* About this exercise *
The entries below are to be repeated exactly, and their pictures left out.

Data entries
_____

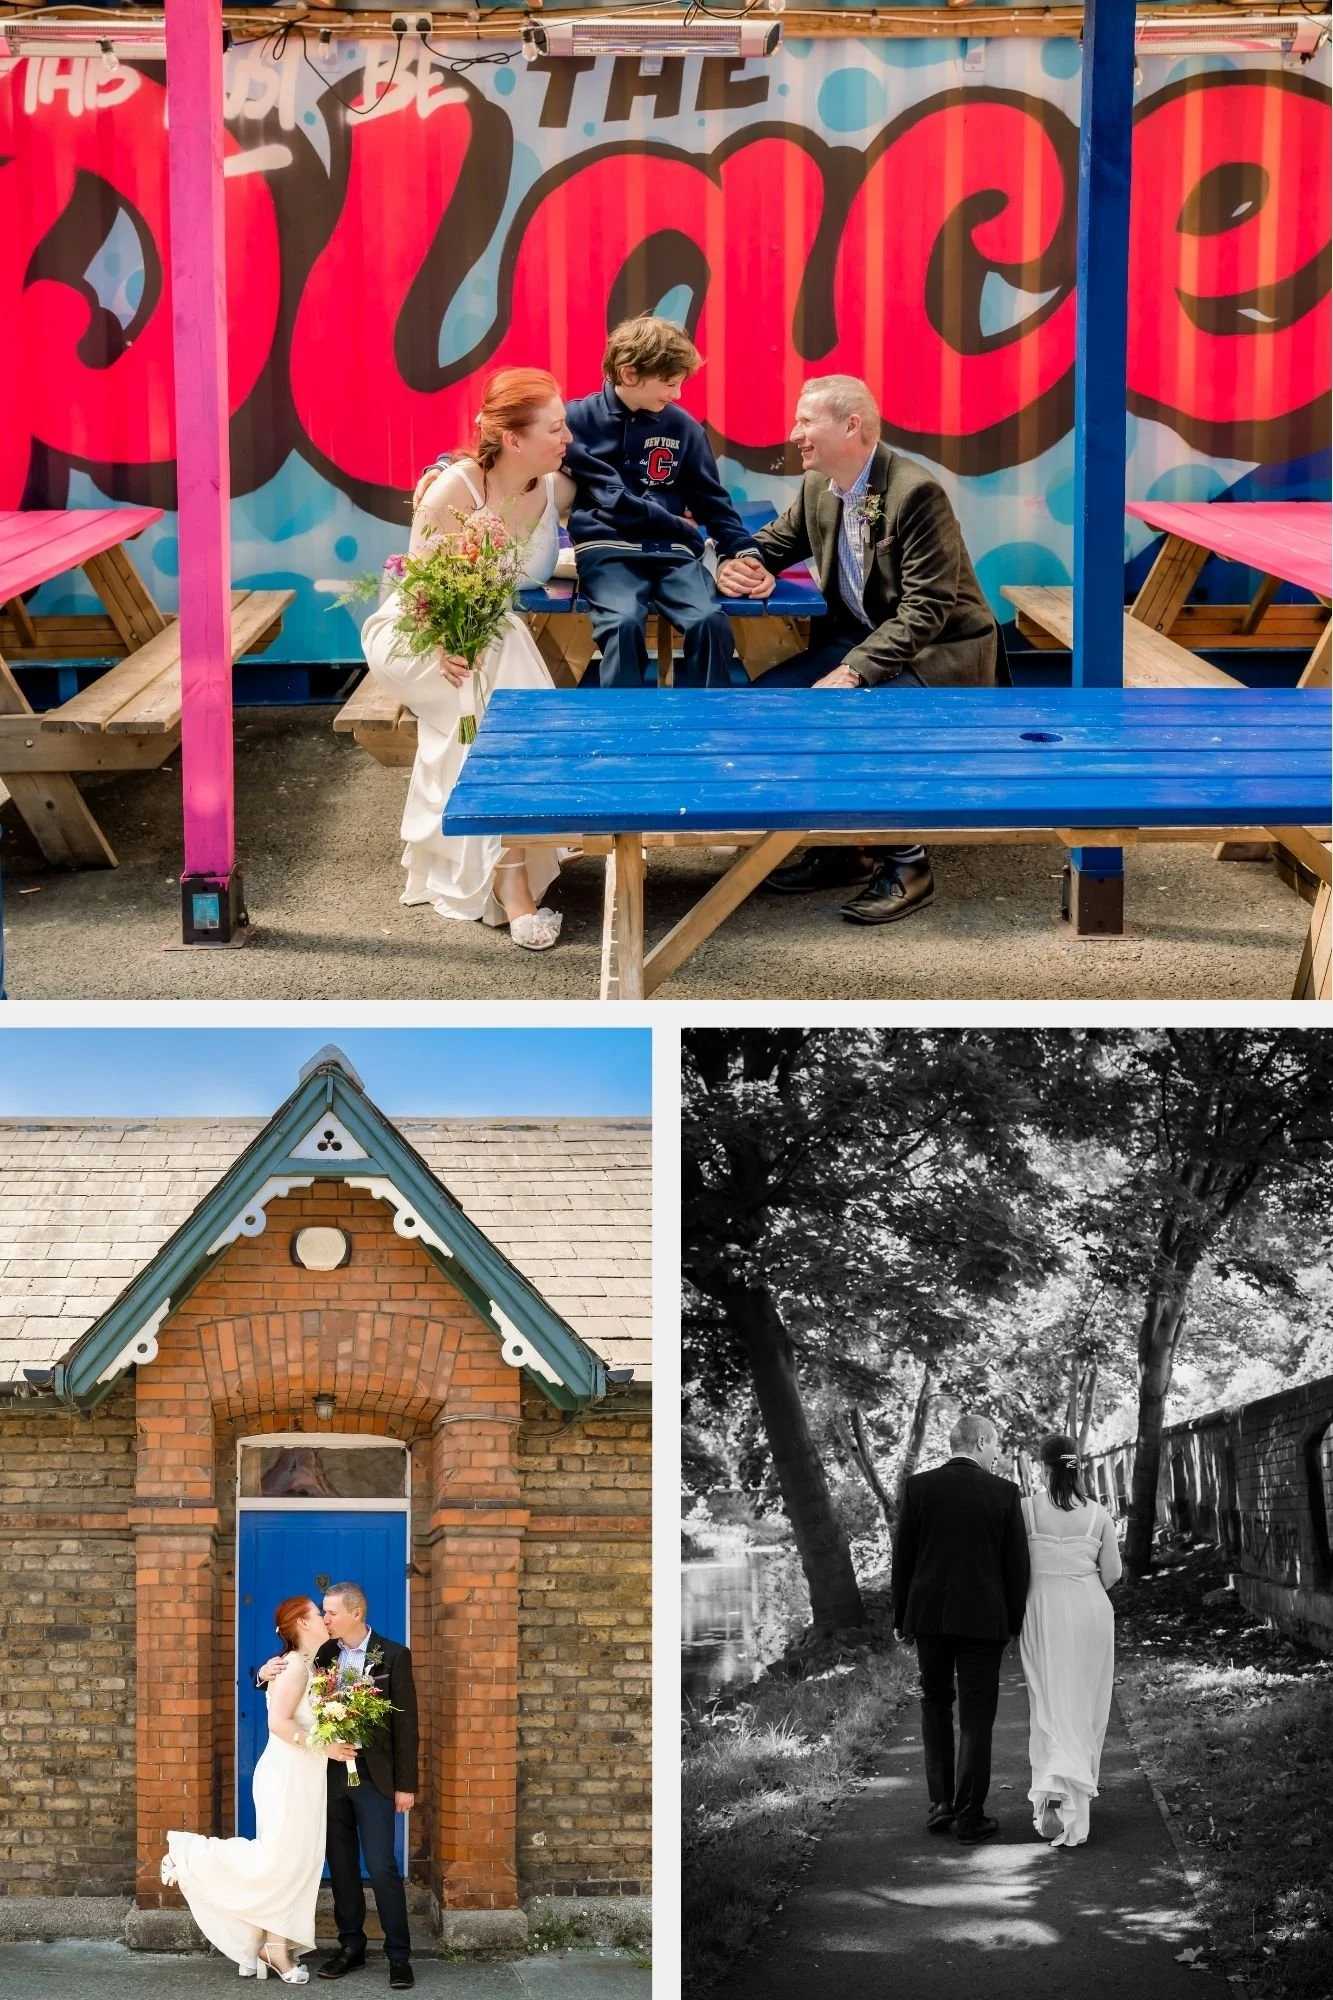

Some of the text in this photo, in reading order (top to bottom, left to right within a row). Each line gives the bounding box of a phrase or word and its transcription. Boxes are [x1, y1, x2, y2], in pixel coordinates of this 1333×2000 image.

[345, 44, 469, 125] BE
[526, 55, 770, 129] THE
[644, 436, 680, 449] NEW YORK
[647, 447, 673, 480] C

_____

* Solved exercise *
Some of the text in this photo, in reading order (top to bottom, left to right within a row). Each line gives the bounding box of a phrase or word and its transcription. Boxes are [x1, y1, x2, y2], in pixel coordinates of this 1333×2000 image.

[345, 44, 469, 125] BE
[526, 55, 770, 129] THE
[644, 436, 680, 449] NEW YORK
[647, 447, 673, 480] C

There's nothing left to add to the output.